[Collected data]
===============

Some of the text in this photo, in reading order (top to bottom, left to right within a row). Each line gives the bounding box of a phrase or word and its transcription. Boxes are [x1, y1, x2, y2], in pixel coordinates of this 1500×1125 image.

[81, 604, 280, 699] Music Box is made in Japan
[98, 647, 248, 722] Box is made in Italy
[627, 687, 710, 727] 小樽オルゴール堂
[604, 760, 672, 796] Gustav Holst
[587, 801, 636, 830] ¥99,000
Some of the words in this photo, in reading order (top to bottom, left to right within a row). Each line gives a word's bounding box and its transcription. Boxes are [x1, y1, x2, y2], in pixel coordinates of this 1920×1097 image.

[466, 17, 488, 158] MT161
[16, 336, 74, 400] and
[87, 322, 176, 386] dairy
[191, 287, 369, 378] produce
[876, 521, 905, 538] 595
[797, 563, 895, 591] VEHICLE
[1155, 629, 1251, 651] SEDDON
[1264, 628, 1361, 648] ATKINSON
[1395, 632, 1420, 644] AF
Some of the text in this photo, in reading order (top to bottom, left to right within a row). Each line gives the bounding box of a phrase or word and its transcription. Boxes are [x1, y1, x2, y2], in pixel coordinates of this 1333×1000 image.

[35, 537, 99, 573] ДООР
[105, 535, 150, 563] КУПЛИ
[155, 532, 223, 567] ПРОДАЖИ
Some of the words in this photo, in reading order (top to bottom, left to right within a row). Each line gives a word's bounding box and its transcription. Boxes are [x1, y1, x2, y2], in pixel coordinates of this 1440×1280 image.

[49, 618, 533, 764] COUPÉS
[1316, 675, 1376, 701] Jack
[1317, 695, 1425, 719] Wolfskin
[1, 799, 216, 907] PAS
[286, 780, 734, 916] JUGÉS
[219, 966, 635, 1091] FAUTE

===============

Exercise requirements
Restate the data above word for word. Leave nothing out.

Exercise result
Some of the text in this photo, in reading order (top to bottom, left to right within a row). Each line gives the bounding box of a phrase or word and its transcription. Boxes are [x1, y1, x2, y2], in pixel coordinates of this 1500×1125 image.

[81, 604, 280, 699] Music Box is made in Japan
[98, 647, 248, 722] Box is made in Italy
[627, 687, 710, 727] 小樽オルゴール堂
[604, 760, 672, 796] Gustav Holst
[587, 801, 636, 830] ¥99,000
Some of the words in this photo, in reading order (top to bottom, left to right within a row). Each line gives a word's bounding box and its transcription. Boxes are [x1, y1, x2, y2], in pixel coordinates of this 1920×1097 image.

[466, 17, 488, 158] MT161
[16, 336, 74, 400] and
[87, 322, 176, 386] dairy
[191, 287, 369, 378] produce
[876, 521, 905, 538] 595
[797, 563, 895, 591] VEHICLE
[1155, 629, 1251, 651] SEDDON
[1264, 628, 1361, 648] ATKINSON
[1395, 632, 1420, 644] AF
Some of the text in this photo, in reading order (top to bottom, left to right within a row). Each line gives the bounding box of a phrase or word and its transcription. Boxes are [x1, y1, x2, y2], in pixel coordinates of this 1333×1000 image.

[35, 537, 99, 573] ДООР
[105, 535, 150, 563] КУПЛИ
[155, 532, 223, 567] ПРОДАЖИ
Some of the words in this photo, in reading order (top to bottom, left to right within a row). Each line gives a word's bounding box and its transcription. Boxes are [x1, y1, x2, y2], in pixel coordinates of this 1440×1280 image.

[49, 618, 533, 764] COUPÉS
[1316, 675, 1376, 701] Jack
[1317, 695, 1425, 719] Wolfskin
[1, 799, 216, 907] PAS
[286, 780, 734, 916] JUGÉS
[219, 966, 635, 1091] FAUTE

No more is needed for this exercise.